On October 4th, 1961, Lenny Bruce was arrested for obscenity; his act at the Jazz Workshop in San Francisco had used foul language and was laced in egregious sexual undertones. Although the jury ultimately acquitted Lenny Bruce of the charges, other law enforcement organizations began monitoring his acts throughout the nation. As a result of these monitoring efforts, Lenny Bruce was arrested several times for charges stemming from obscenity.

Following these arrests, Lenny Bruce became a controversial individual and was routinely surveyed by law enforcement agencies. The increased scrutiny eventually led to an arrest in Philadelphia, where the local police department found Lenny Bruce in possession of drugs. Lenny Bruce was subsequently arrested for drug possession in Los Angeles, California nearly two years later.

In April of 1964, while performing in Greenwich Village, New York, undercover police detectives in the audience arrested Lenny Bruce for using various obscenities in his act. A three judge panel presided over the publicized trial that ensued from these arrests. Lenny Bruce and club owner, Howard Solomon, were both found guilty of obscenity on November 4, 1964. Lenny Bruce was sentenced on December 21st, 1964 to four months in a workhouse; Lenny Bruce was eventually set free on bail during the appeals process and died before the appeal was ruled.

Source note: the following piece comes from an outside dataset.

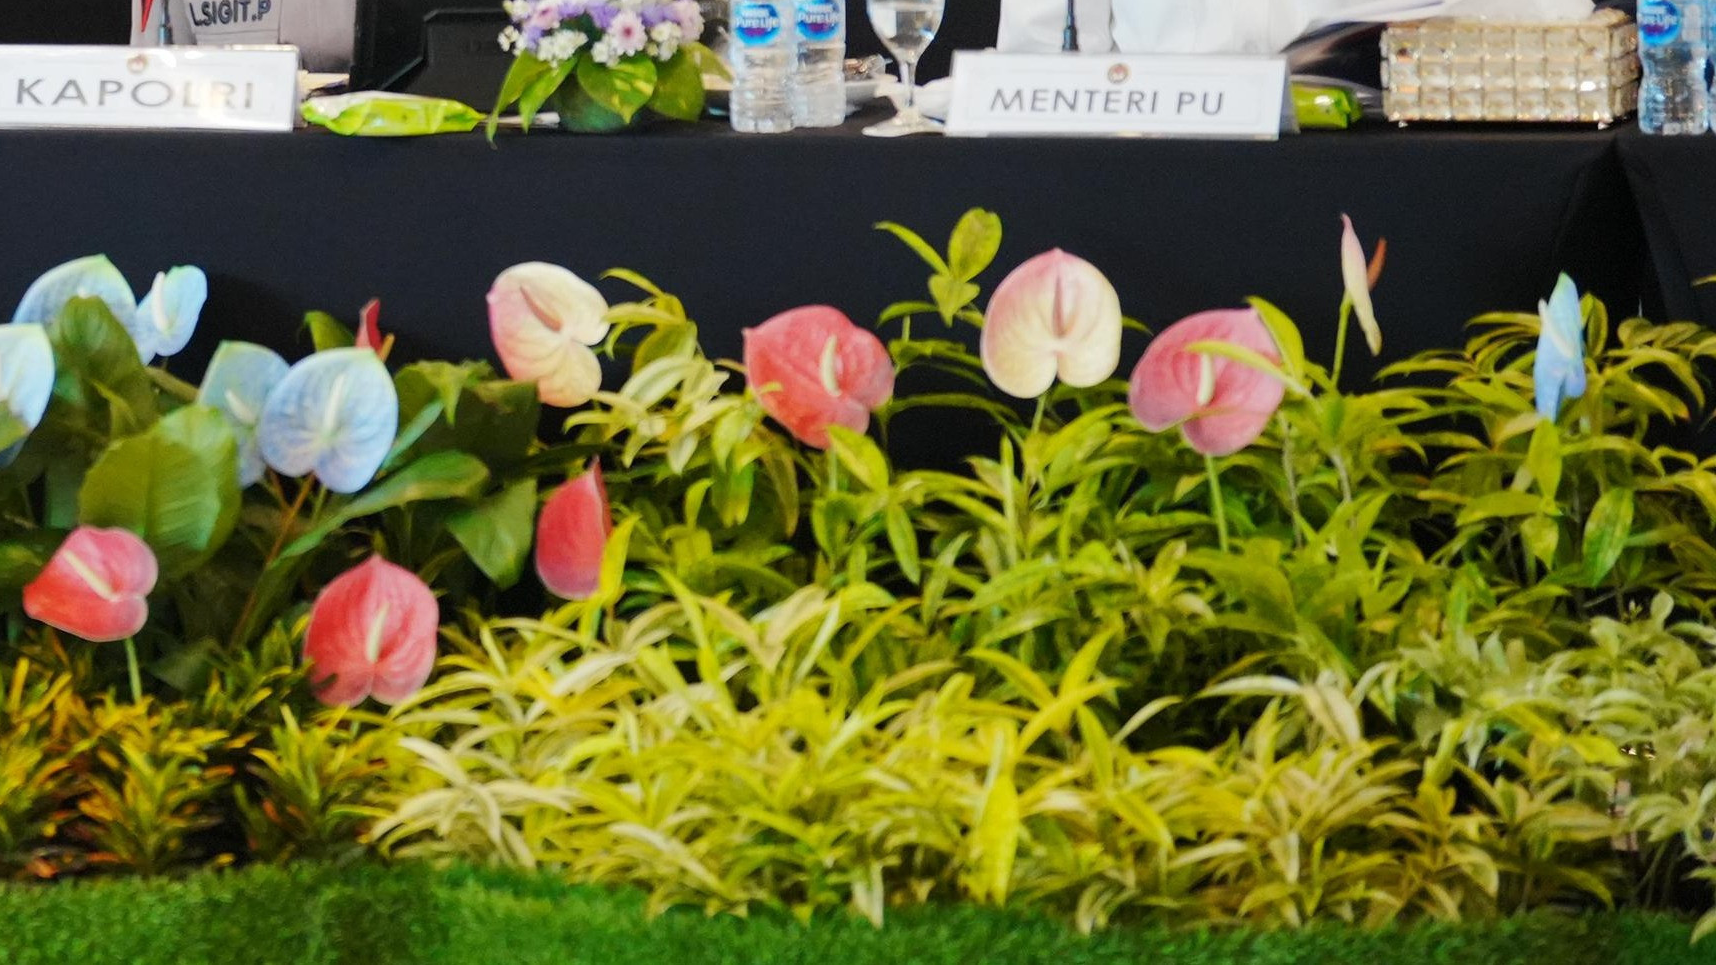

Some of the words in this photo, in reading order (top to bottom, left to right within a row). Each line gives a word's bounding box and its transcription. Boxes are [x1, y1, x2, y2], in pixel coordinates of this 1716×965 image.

[16, 78, 254, 109] KAPOLRI
[989, 88, 1160, 114] MENTERI
[1176, 91, 1225, 116] PU

Although Lenny Bruce was seemingly involved in perpetual legal battles, he garnered the support of several prominent entertainers as well as the general public, who viewed Lenny Bruce’s act as an exercise of free speech and thus a Constitutional right.

On December 23rd, 2003, Lenny Bruce was granted a posthumous pardon for his obscenity conviction. The pardon was issued by New York Governor George Pataki, 37 years after his death caused by a drug overdose.